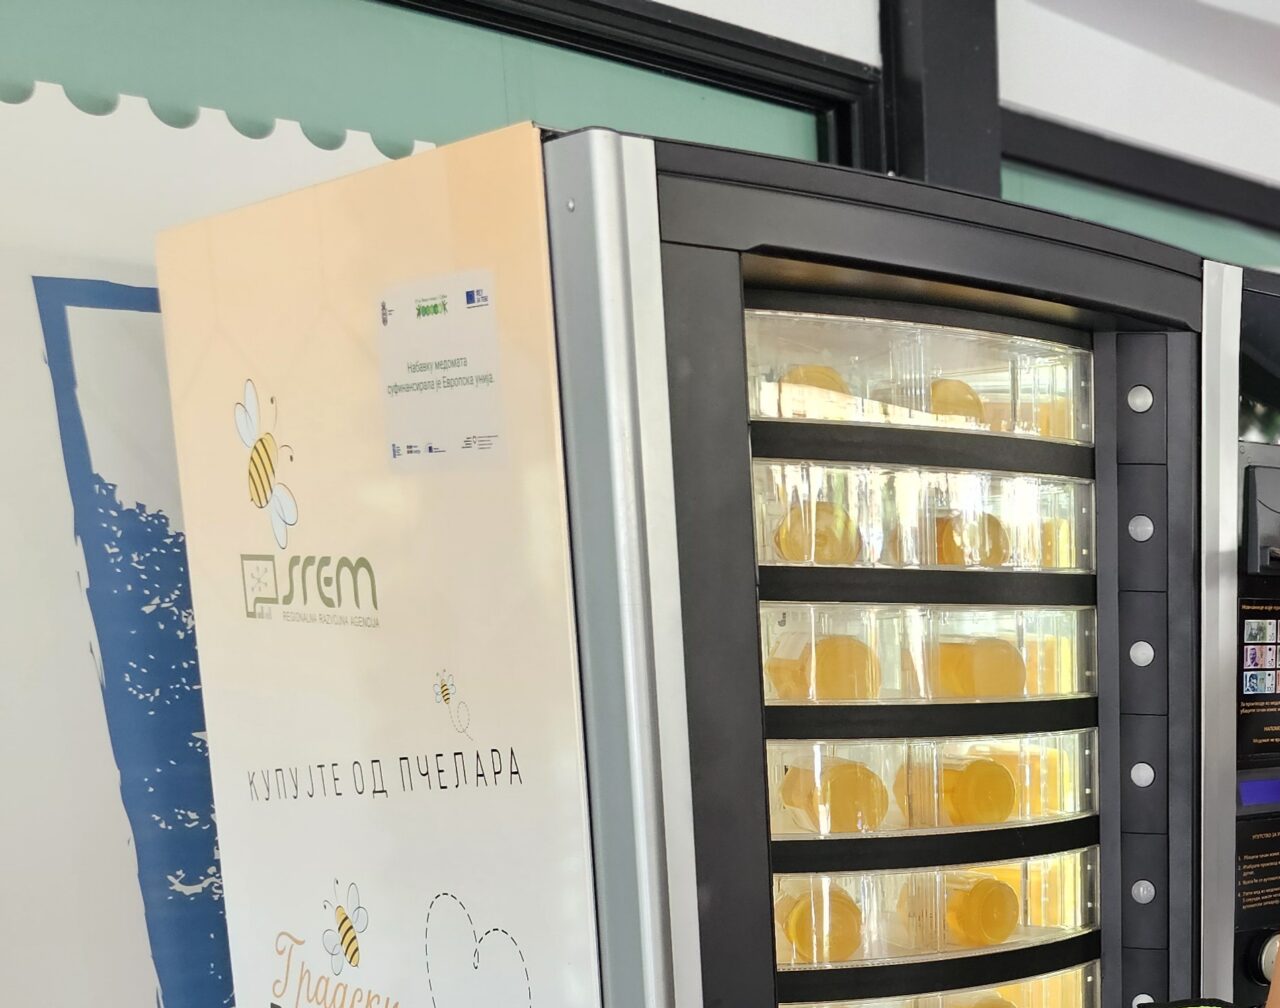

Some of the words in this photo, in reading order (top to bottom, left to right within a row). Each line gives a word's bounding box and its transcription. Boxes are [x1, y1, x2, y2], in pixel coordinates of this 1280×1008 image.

[407, 361, 433, 374] Набавку
[435, 357, 468, 371] медомата
[443, 375, 474, 390] Европска
[247, 763, 342, 801] КУПУЈТЕ
[352, 759, 388, 799] ОД
[399, 747, 523, 792] ПЧЕЛАРА

▶ _PROBLEM DETAILS_:
Could every entry be restated word for word, pictures excluded?

▶ _ANSWER BOX_:
Some of the words in this photo, in reading order (top to bottom, left to right within a row). Each line gives a word's bounding box and its transcription. Boxes are [x1, y1, x2, y2], in pixel coordinates of this 1280×1008 image.

[407, 361, 433, 374] Набавку
[435, 357, 468, 371] медомата
[443, 375, 474, 390] Европска
[247, 763, 342, 801] КУПУЈТЕ
[352, 759, 388, 799] ОД
[399, 747, 523, 792] ПЧЕЛАРА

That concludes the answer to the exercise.